Юля! Вот, кто скажет мне правду-матку в глаза. Почему я не спрашиваю у нее? Я ловлю себя на мысли: я боюсь! Иногда я шлю ей только эсэмэски: «Живу ожиданием. Totus Tuus. (Весь Твой. Лат.)».
Я и правда живу ожиданием…
Чего, собственно?
Поздно вечером я нахожу-таки свою Юлю. В белом халате она кажется мне лилией!
- Тебе!..
Мой обещанный ей букетик.
- Ах!..
- Да!..
Лилия цветёт!
Мы шушукаемся… То, сё… Она – в норме!.. Да!.. А ты как думал?!
- Что это? – спрашиваю я, найдя на столе глазами какую-то безделушку, напоминающую бронебойный патрон.

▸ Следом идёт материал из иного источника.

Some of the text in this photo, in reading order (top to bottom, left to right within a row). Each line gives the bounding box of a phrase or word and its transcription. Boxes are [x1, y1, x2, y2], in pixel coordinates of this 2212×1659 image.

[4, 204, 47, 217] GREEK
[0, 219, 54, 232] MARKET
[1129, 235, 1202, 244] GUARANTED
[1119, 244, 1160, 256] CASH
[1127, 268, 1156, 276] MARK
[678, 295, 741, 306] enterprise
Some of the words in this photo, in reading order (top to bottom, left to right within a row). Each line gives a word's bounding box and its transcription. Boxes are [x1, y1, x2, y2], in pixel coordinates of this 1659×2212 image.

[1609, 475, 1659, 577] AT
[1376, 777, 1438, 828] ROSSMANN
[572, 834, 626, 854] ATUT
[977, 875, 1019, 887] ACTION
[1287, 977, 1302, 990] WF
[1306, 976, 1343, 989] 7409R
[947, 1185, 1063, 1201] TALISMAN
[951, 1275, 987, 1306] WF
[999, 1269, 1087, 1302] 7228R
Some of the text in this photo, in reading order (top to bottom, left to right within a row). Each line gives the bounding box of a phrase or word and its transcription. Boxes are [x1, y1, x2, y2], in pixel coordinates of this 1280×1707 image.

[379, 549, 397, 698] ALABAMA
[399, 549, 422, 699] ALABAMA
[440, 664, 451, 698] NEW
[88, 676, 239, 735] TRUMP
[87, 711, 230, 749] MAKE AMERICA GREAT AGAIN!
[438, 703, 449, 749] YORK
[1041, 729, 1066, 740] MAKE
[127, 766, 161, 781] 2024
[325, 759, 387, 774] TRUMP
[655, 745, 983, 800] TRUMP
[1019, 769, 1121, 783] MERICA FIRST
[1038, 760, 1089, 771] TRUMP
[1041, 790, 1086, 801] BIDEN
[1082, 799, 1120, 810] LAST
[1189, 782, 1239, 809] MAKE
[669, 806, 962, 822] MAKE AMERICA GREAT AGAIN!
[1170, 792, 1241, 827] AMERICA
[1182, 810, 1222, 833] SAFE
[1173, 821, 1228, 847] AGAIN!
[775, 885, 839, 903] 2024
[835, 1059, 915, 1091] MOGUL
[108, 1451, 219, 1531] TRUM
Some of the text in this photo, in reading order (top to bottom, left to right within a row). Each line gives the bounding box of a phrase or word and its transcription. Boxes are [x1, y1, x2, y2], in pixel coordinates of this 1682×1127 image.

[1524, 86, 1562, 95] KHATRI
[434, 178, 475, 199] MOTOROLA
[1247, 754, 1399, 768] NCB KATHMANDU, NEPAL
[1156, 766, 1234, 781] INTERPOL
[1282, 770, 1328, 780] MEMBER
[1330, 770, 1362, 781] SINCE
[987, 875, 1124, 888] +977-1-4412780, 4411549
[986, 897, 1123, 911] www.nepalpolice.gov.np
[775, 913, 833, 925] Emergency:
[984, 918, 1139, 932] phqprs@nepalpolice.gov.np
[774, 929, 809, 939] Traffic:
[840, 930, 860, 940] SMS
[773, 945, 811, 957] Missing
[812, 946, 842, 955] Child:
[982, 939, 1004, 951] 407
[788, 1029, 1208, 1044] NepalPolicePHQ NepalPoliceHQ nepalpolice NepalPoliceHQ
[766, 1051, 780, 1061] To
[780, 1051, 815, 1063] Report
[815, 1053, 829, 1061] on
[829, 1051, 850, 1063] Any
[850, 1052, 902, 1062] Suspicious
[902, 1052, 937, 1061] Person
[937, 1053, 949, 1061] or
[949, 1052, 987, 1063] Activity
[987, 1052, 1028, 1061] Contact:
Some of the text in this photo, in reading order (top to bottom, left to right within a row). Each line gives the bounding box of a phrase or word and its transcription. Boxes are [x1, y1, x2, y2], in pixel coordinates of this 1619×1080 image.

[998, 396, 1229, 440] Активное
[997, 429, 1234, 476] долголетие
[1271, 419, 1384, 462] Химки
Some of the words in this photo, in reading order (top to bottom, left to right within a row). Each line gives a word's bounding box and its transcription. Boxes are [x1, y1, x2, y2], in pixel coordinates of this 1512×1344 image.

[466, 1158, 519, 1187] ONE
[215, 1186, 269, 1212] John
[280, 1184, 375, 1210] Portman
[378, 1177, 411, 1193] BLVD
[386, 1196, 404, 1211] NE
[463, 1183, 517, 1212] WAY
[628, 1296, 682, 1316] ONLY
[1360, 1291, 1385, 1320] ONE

- Флешка,- говорит Лилия,- здесь вся наша Пирамида. На случай если этот ваш задрипанный коллайдер даст деру. Вдруг его понесет куда-нибудь в бок. Что тогда?.. Что останется?!.
- Да, с коллайдером шутки плохи. Ты сегодня – как лилия!
- И вчера…
Флешка! Вот что останется! Там вся моя жизнь! Наша жизнь!
И все будущее... В этой вот самой, как сказал Жора, бздюшке-безделушке…
- Так что надо спешить, - говорит Юля.
- Опять, - спрашиваю я, - куда теперь?
- Жить, - говорит Юля и, сверкнув глазами, спешит в ванную комнату.
Мне ничего не остается, как принять этот вызов – надо спешить!
Festina lente (Спеши медленно, лат.).
Глава 24
Коротко говоря, я через день оказался в настоящем Багдаде…
- А тот ваш вопросник для вашей «Шныры» у тебя есть? – спрашивает Лена.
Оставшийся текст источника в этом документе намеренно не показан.